Common Dreams / Published on Thursday, January 8, 2004 by the Guardian/UKJulian Borger
The Bush administration will today be accused of "systematically misrepresenting" the threat posed by "Iraq's weapons of mass destruction" in a comprehensive report on post-war findings.
The report, by four experts on weapons proliferation at the respected Carnegie Endowment for International Peace, is likely to re ignite calls for a commission to look into the government's pre-war intelligence claims.
According to the report, the absence of any imminent threat from Saddam Hussein's chemical or nuclear programs was "knowable" before the war. There was greater uncertainty over biological weapons but no evidence strong enough to justify war.
The authors say the intelligence reports of Iraq's capabilities grew more shrill in October 2002 with the publication of a National Intelligence Estimate (NIE), which included an unusual number of dissenting views by intelligence officials.

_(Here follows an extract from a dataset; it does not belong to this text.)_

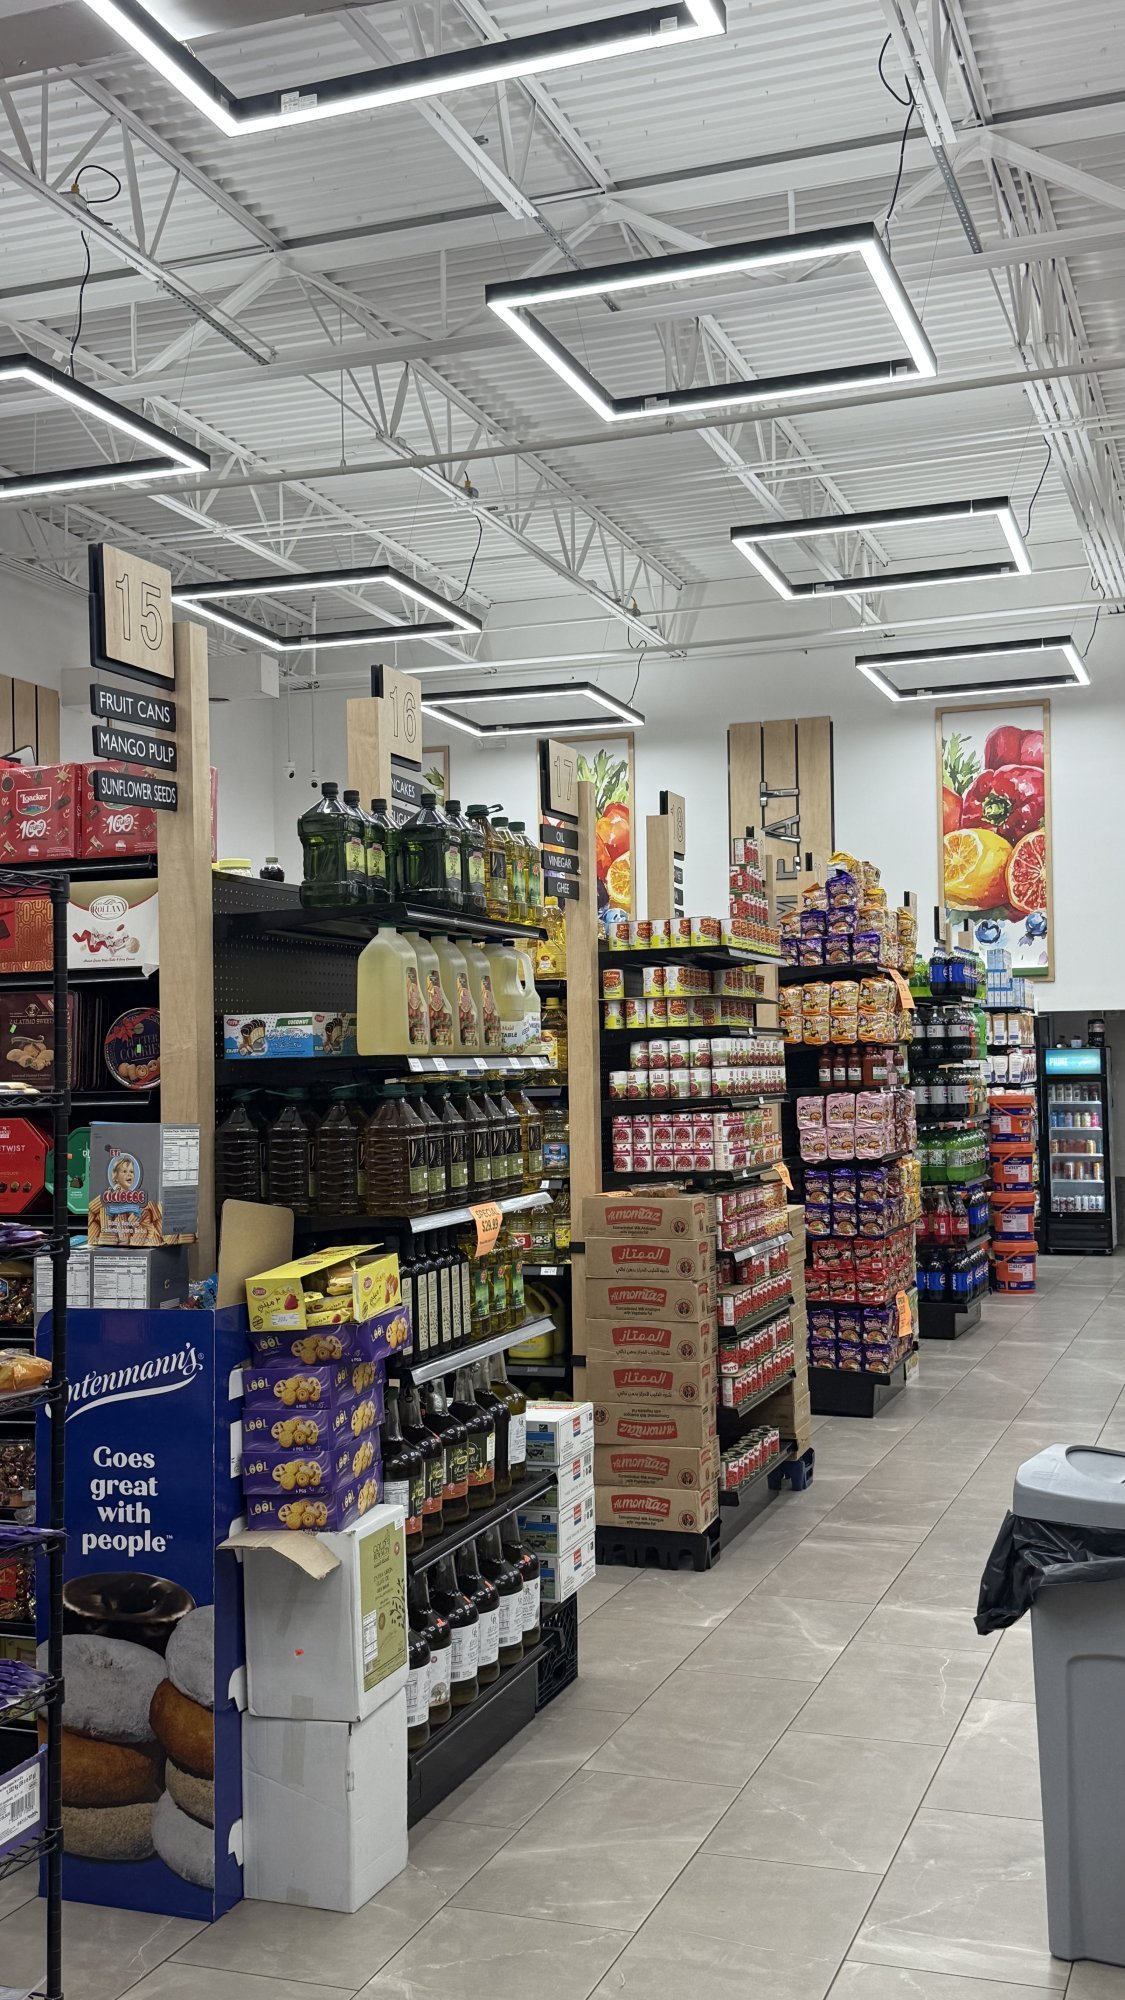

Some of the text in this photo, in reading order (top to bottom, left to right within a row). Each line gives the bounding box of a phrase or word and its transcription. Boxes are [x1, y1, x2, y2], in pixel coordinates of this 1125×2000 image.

The intelligence community, the report says, began to be unduly influenced by policymakers' views "sometime in 2002". Repeated visits to the CIA by the US vice president, Dick Cheney, and demands by top officials to see unsubstantiated reports, created an atmosphere in which intelligence analysts were pressed to come to "more threatening" judgments of Iraq.
The report concludes that "administration officials systematically misrepresented the threat from Iraq's WMD and ballistic missile programs".
Last night a White House official responded by pointing to Mr Bush's comment on December 15 when he was pressed on the absence of Iraqi WMD. He claimed evidence had been found that contravened UN resolution 1441 calling for Saddam to disarm, a possible reference to signs that Iraq had been trying to extend the range of its missiles beyond UN limits.
Stuart Cohen, the vice chairman of the National Intelligence Council, which oversees intelligence assessments, also defended the 2002 NIE. "We did not, in any area, hype our judgments. We made our calls based on the evidence we had. We never used the word 'imminent' in the ... estimate."
But Joseph Cirincione, lead author of the Carnegie report, said: "This is the first thorough review of the intelligence threat assessments, administration statements, findings of UN inspectors and nine months of US searches in Iraq. It shows the threat assessment process is broken. The NIE was wildly off the mark."